Mike has it right. And when Lons is on your side as well, you're doing a proper job. =D>
The 6 P's.
Proper Preparation Prevents P*ss Poor Performance. (hammer)
 
Are you nailing manually (ie without a nail gun?). If so, then 4" hot-dipped galvanised is traditional, and probably a load cheaper than the ring shanked nails. Certainly experiment with a pilot hole for those nails near the ends of plates.
 
You will save yourself a lot of arm ache if you have access to a first fix nail gun. That said, I nail by hand for fencing and garden stuff, though I do use a second fix gun quite a lot.

Excellent brickwork. You have inspired me to have another go!
 
I built a couple of houses nailing by hand. (I sawed the timbers by hand, too!). Then I bought a nail gun, and the difference is huge. The big thing for me was that with a nail gun you line the timbers up and then pull a trigger. The timbers stay together in the same location as when you lined them up. With a hammer, every time you hit the nail, the timbers move, so lining up studs, particularly at a corner, was a real faff.

These days, if I didn't have a nail gun I'd probably screw framing. Screws are much more expensive than nails, but not as expensive as hiring or buying a compressor and a nail gun. Reisser Cutter-type screws which drill their own hole, 80 or 90mm long, and a decent cordless driver with 2 good batteries and a pack of spare bits........
 
Exactly what AJB and Mike said.

I was using my gun on Saturday to put up fencing even though I have large boxes of ordinary galvs. 90mm for the rails and 50mm for the boards all galv r/s. Another bonus apart from accurate positioning is that the nails are less likely to spit the wood.
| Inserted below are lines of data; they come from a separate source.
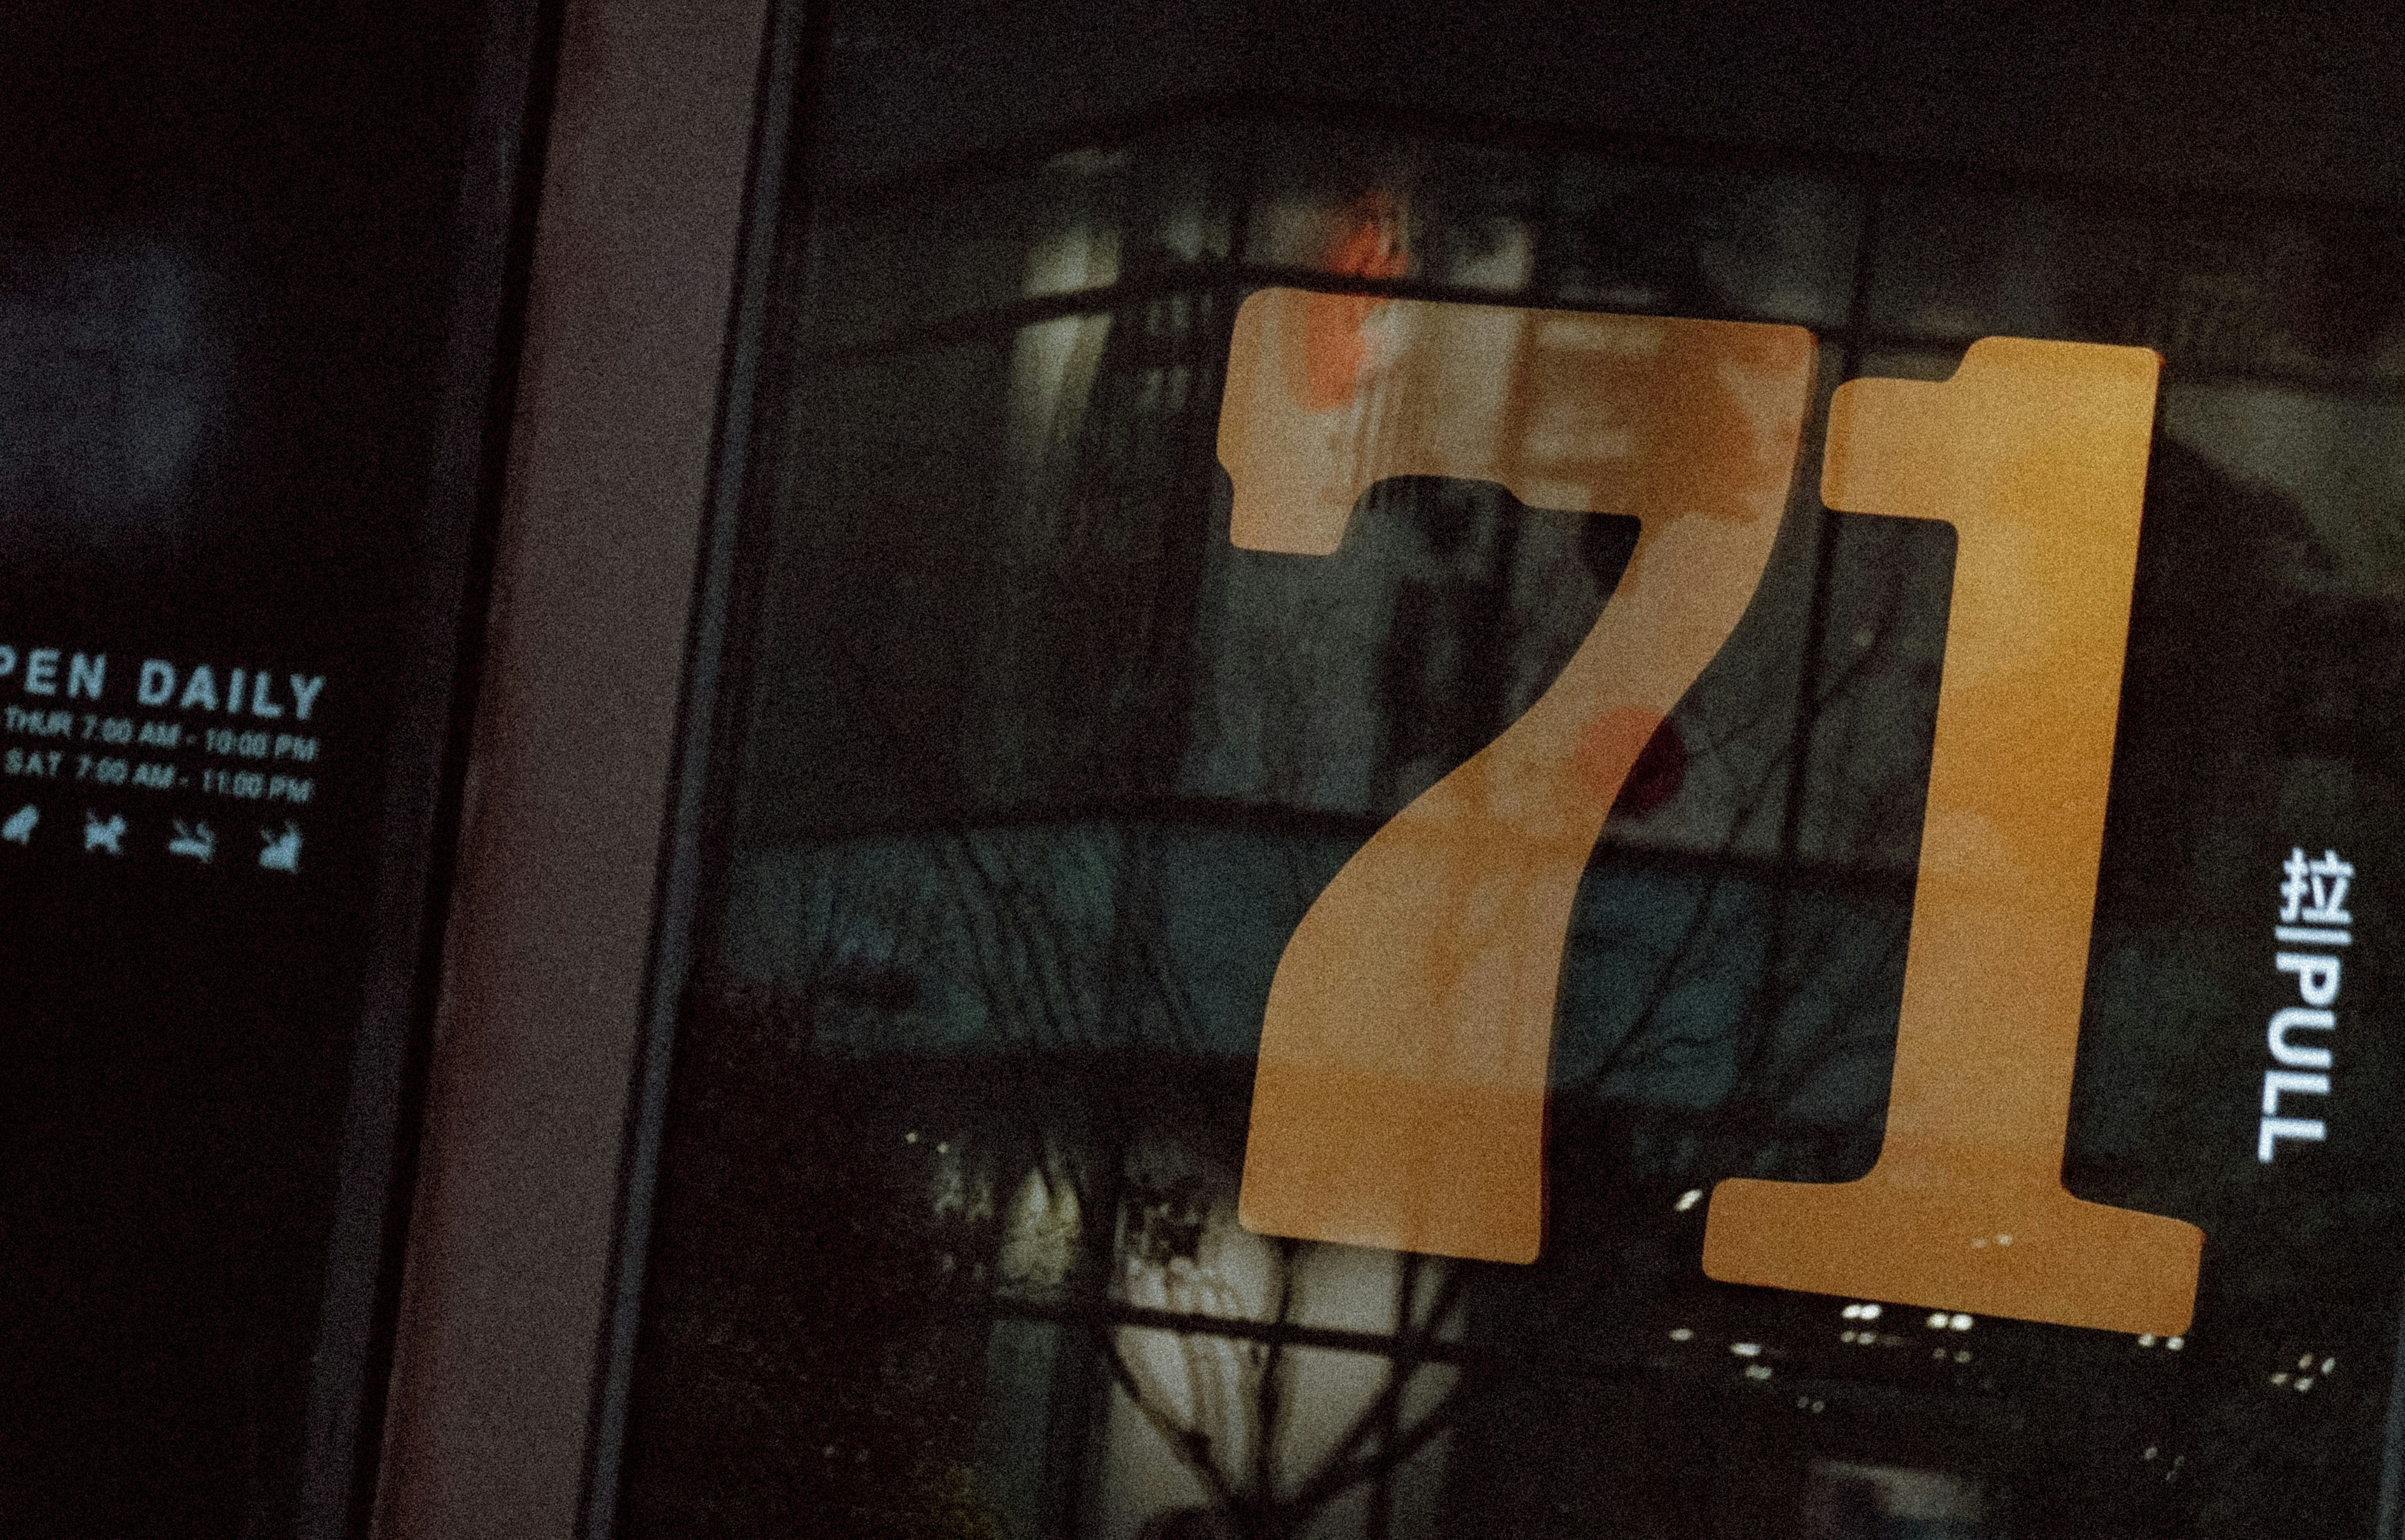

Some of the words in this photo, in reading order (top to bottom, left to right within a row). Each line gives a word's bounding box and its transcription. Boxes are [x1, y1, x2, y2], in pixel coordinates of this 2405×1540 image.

[136, 657, 326, 720] DAILY
[4, 705, 73, 739] THUR
[137, 719, 182, 749] AM
[205, 726, 270, 757] 10:00
[273, 733, 319, 763] PM
[4, 746, 65, 779] SAT
[131, 761, 177, 789] AM
[267, 773, 315, 805] PM
[1216, 286, 2206, 1337] 71
[2279, 847, 2354, 923] 拉
[2258, 952, 2341, 1163] PULL
My original Paslode 350 was pretty good and fired many thousands of nails but tbh it was a pain having to constantly clean the darn thing as well as being temperamental in cold weather, I also found it sometimes had a hissy fit if I used non Paslode but much cheaper nails the replacement DeWalt 18v is superb and does everything I ask of it and with any brand nails of the right type.
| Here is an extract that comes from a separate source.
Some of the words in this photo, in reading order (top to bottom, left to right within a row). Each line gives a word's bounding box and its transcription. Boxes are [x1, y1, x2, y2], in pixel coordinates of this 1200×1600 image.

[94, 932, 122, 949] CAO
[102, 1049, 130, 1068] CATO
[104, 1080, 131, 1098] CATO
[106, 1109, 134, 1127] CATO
It's a great excuse to buy one especially if you think ahead to potential other jobs and the time you could save.
 
I bought a paslode 350 just for the build and I will sell it afterwards. I have used it at every stage and on a built like this I think it’s going to be hard work And a lot less accurate without one.

I used 90mm for the framing, 51mm to fix the OSB (every six inches is a LOT of nails), 63mm to add the counter battens and all the roofing battens.

You not only have the benefit of instant fix with a single pull, the noise is less intrusive, one bang instead of five or six for each nail, You’re not smashing the framework about with every strike.

As your build may be two or three months and you cam really do with it on hand the whole time, it will be horrendously expensive for two months hire. A gas gun means no air lines to drag around and no compressor. Dewalt also make an 18v one I considered. 63mm nails are £36 for 3300 inc three gas canisters.

As a guide, I’ve used approx 1100 X 51mm, 1900 X 63mm and 2000 x 90mm

I don’t regret the investment, and will get most of it back when I sell.
 
I 100% agree with Mike re using screws. I also use Reisser (bought in trade quantities) and pop them in with a driver. I also use Timberfix bolts a lot, again driven in with a driver and hex bolt thing which usually comes with a box of bolts. I will always do this in preference to nails in buildings as I think it a) does a better job and b) is reversible.

I have a DeWalt pair of electric mail guns, first and second fix. Unfortunately first fix has resided with No 1 offspring for the past year. Both are very good. I used to have paslode too, but it was stolen and I went electric after that. The batteries will drive a LOT of nails.
 
I stopped using Reisser Cutter screws on outdoor projects as I found they rusted heavily then the heads would snap off if I was to ever need to remove the screw.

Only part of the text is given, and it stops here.